Três são os tipos de interpretação, segundo o seu resultado, são eles: especificadora, extensiva e restritiva. A 
especificadora é aquela que fixa os limites de um determinado conceito jurídico. A restritiva é a que delimita a 
compreensão da norma, de maneira a diminuir as hipóteses de aplicação dela. E a interpretação extensiva é a 
que amplia o campo de possibilidades hermenêuticas de uma norma jurídica. 
 
8. FUNÇÃO SOCIAL DA HERMENÊUTICA 
 
A função social da hermenêutica jurídica é enfraquecer as tensões sociais, “na medida em que neutraliza a 
pressão exercida pelos problemas de distribuição de poder, de recursos e de benefícios escassos. E o faz, ao 
torná-los conflitos abstratos, isto é, definidos em termos jurídicos e em termos juridicamente interpretáveis e 
decidíveis”. 
 
A “hermenêutica possibilita uma espécie de neutralização (manter sobre controle) dos conflitos sociais, ao projetá-
los numa dimensão harmoniosa – o mundo do legislador racional – no qual, em tese, tornam-se todos decidíveis. 

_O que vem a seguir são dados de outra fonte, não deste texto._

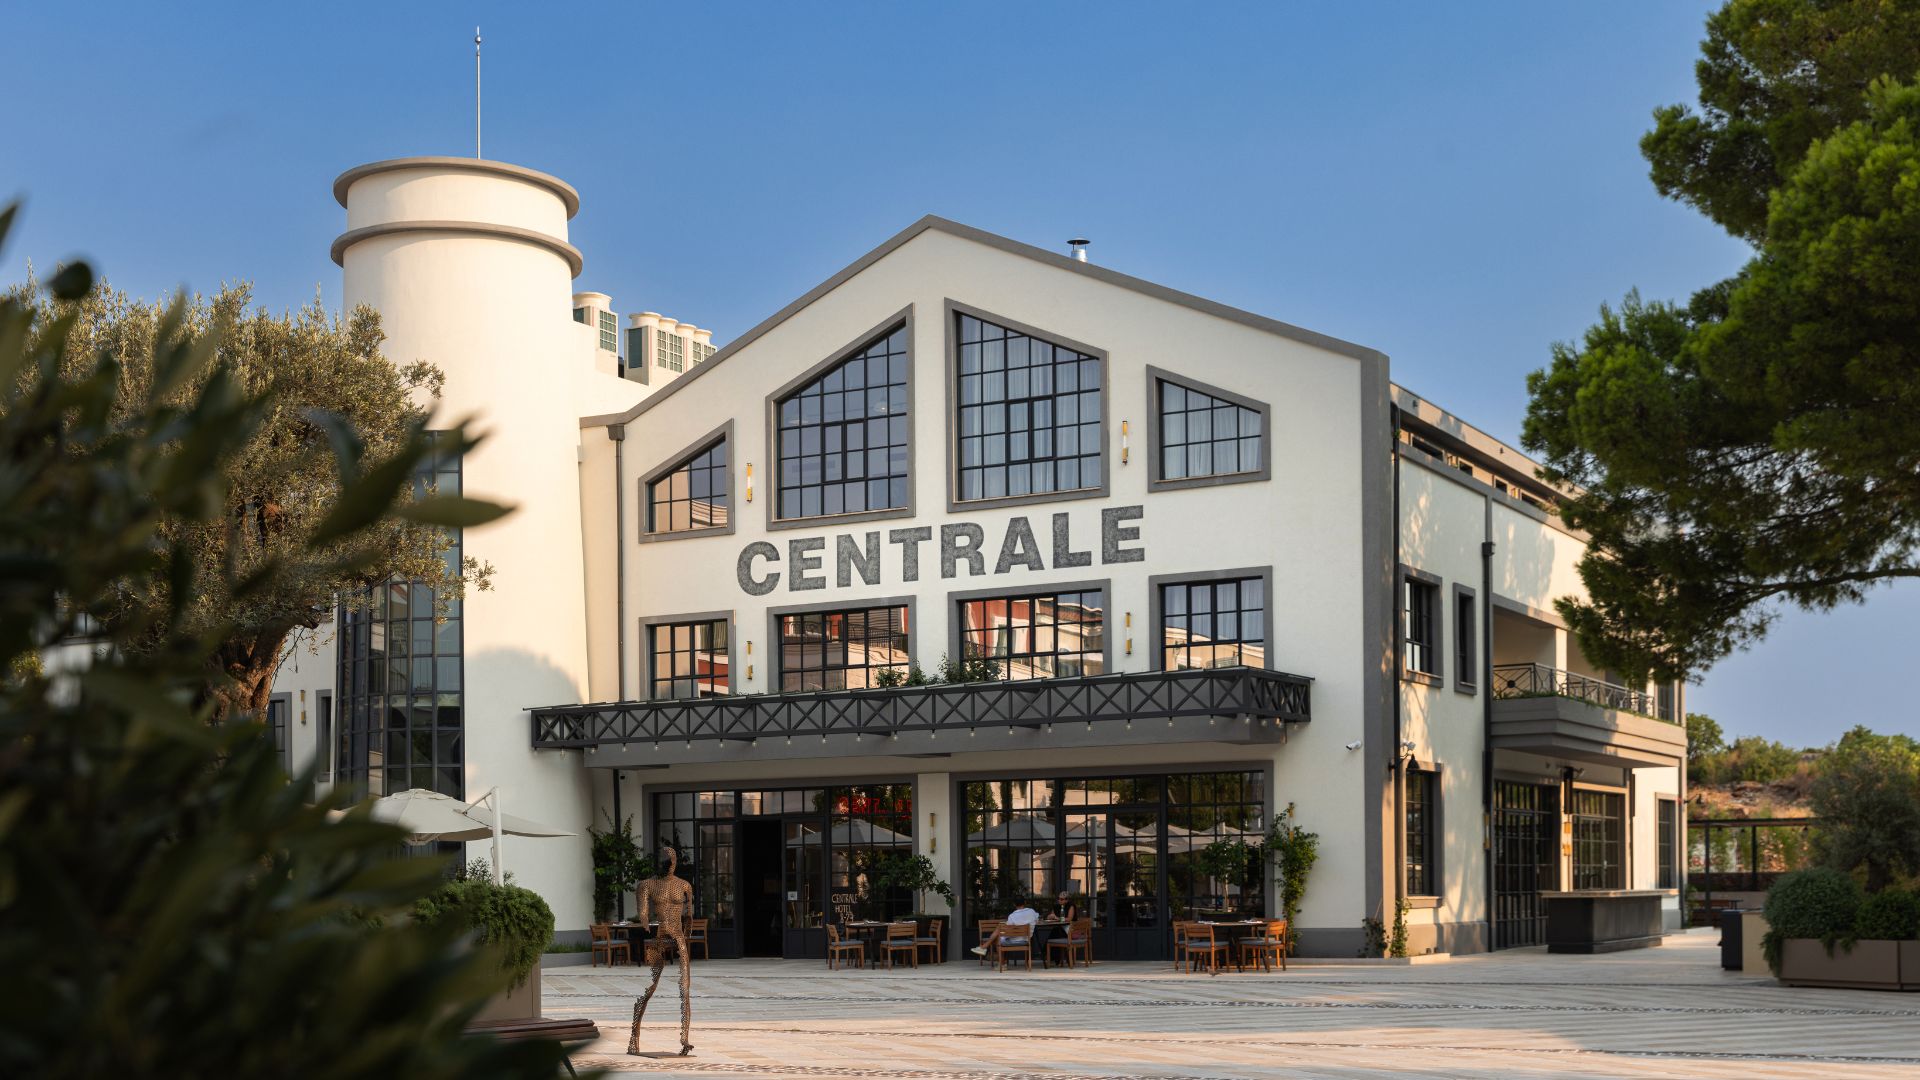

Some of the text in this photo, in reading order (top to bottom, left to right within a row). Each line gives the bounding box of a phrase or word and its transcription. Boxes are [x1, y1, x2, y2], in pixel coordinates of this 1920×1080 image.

[736, 504, 1146, 597] CENTRALE
[831, 893, 858, 904] CENTRALE
[835, 904, 851, 913] HOTEL

Ela elimina, assim, as contradições, mas as torna suportáveis. Portanto, não as oculta propriamente, mas as 
disfarça, trazendo-as para o plano de suas conceptualizações”. Em suma, a hermenêutica jurídica “conforma o 
sentido do comportamento social à luz da incidência normativa. Ela cria assim condições para decisão”.